Details of a Super PAC's multimillion-dollar push to help Rick Perry clinch the Republican nomination have surfaced.

Gov. Rick Perry listens to U.S. Rep. Michele Bachmann's speech at an event in Waterloo, Iowa, on Aug. 14, 2011.

The Big Conversation:

Details of a Super PAC's multimillion-dollar push to help Rick Perry clinch the Republican nomination have surfaced.

NBC News reports that Make Us Great Again, a Super PAC headed by Mike Toomey, Perry's former chief of staff, has drafted plans to spend $55 million to help Perry secure the Republican nomination by late March. As a Super PAC, Make Us Great Again can raise and spend unlimited amounts of money, and its fundraising will likely outstrip that of Perry's official campaign, GOP consultants tell NBC.
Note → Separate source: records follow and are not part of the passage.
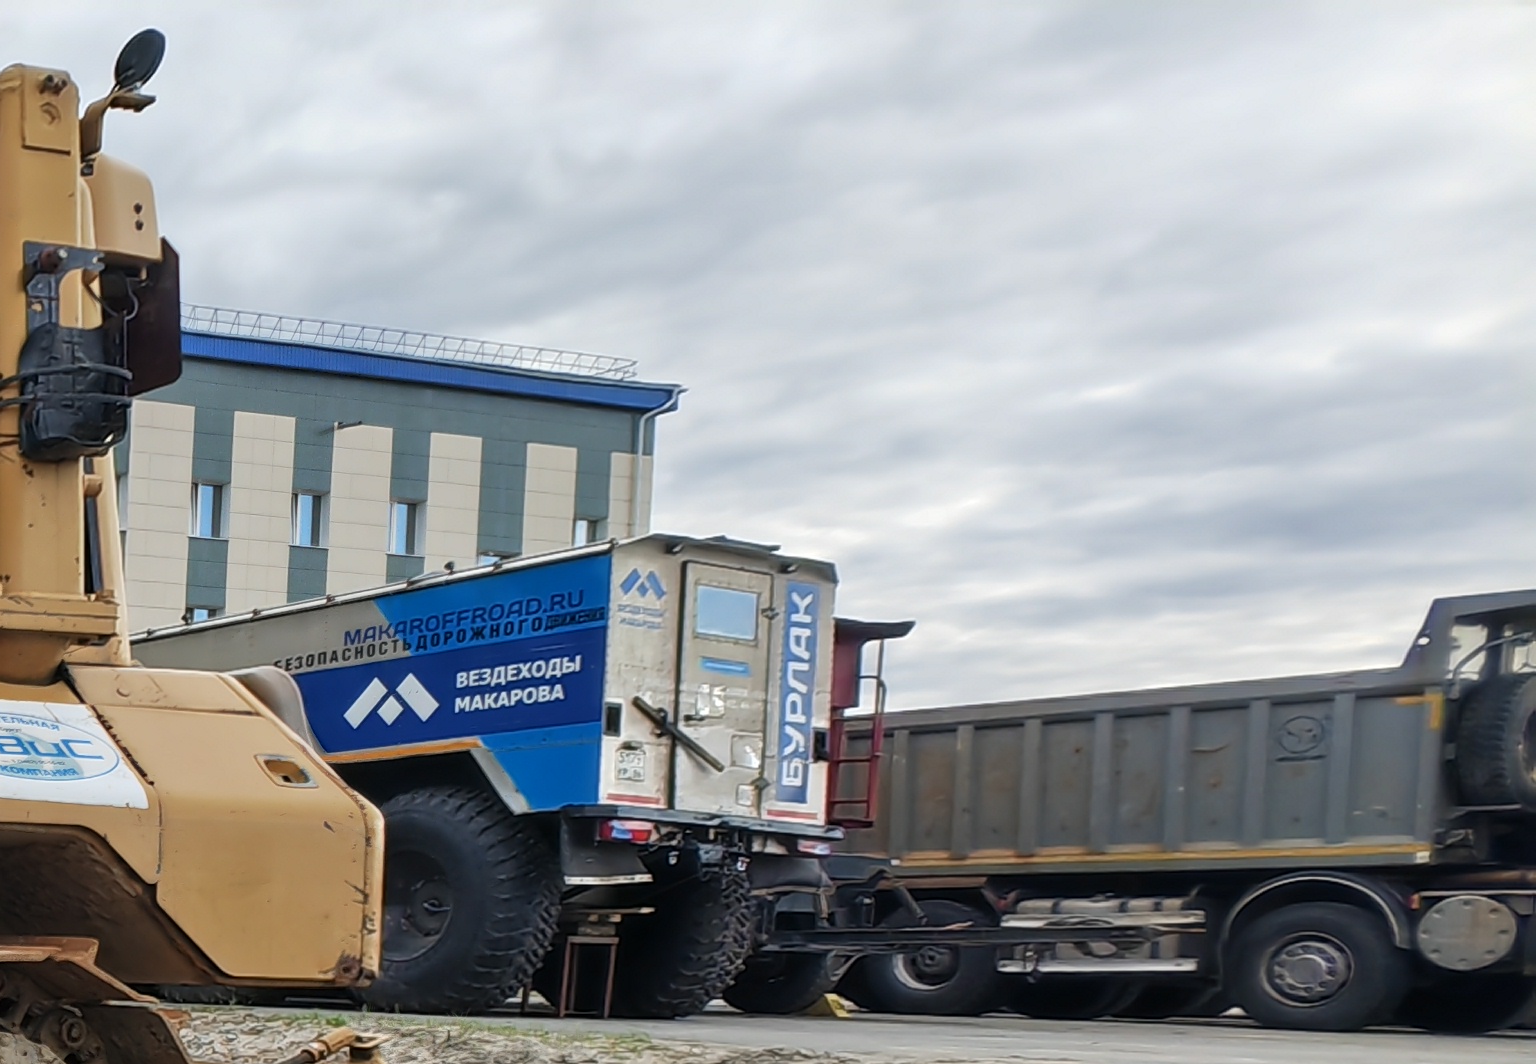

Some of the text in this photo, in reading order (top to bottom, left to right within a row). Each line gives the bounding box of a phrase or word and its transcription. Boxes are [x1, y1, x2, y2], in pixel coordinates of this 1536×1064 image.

[343, 589, 585, 647] MAKAROFFROAD.RU
[415, 616, 543, 652] ДОРОЖНОГО
[455, 654, 582, 689] ВЕЗДЕХОДЫ
[781, 591, 814, 787] БУРЛАК
[454, 684, 565, 714] МАКАРОВА
[0, 764, 80, 777] КОМПАНИЯ
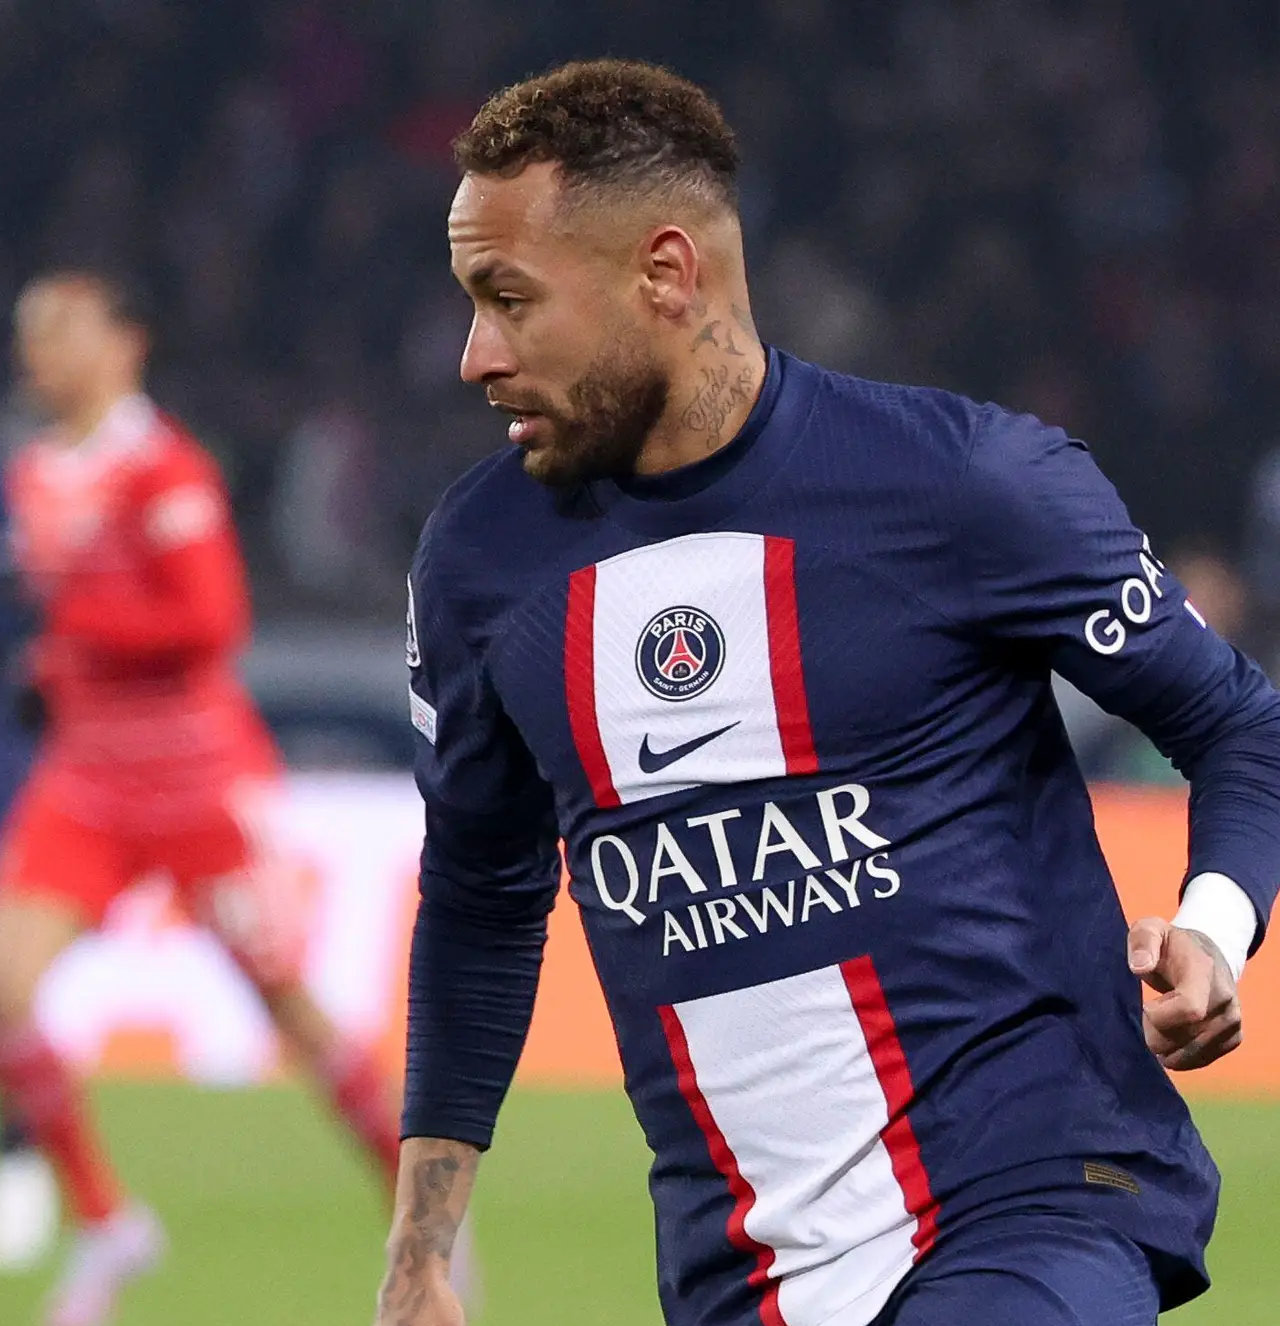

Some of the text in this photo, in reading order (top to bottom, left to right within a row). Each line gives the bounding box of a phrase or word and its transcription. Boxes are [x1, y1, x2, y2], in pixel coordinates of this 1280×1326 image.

Internal documents reveal that the group has mocked up a four-phase strategy, which would start with a $5 million ad push on Fox News and Iowa TV stations. The group is counting on Perry wins in at least two of the three early-voting states — Iowa, New Hampshire and South Carolina — and, in phase two, plans to spend $20 million in the big three plus Nevada and Florida.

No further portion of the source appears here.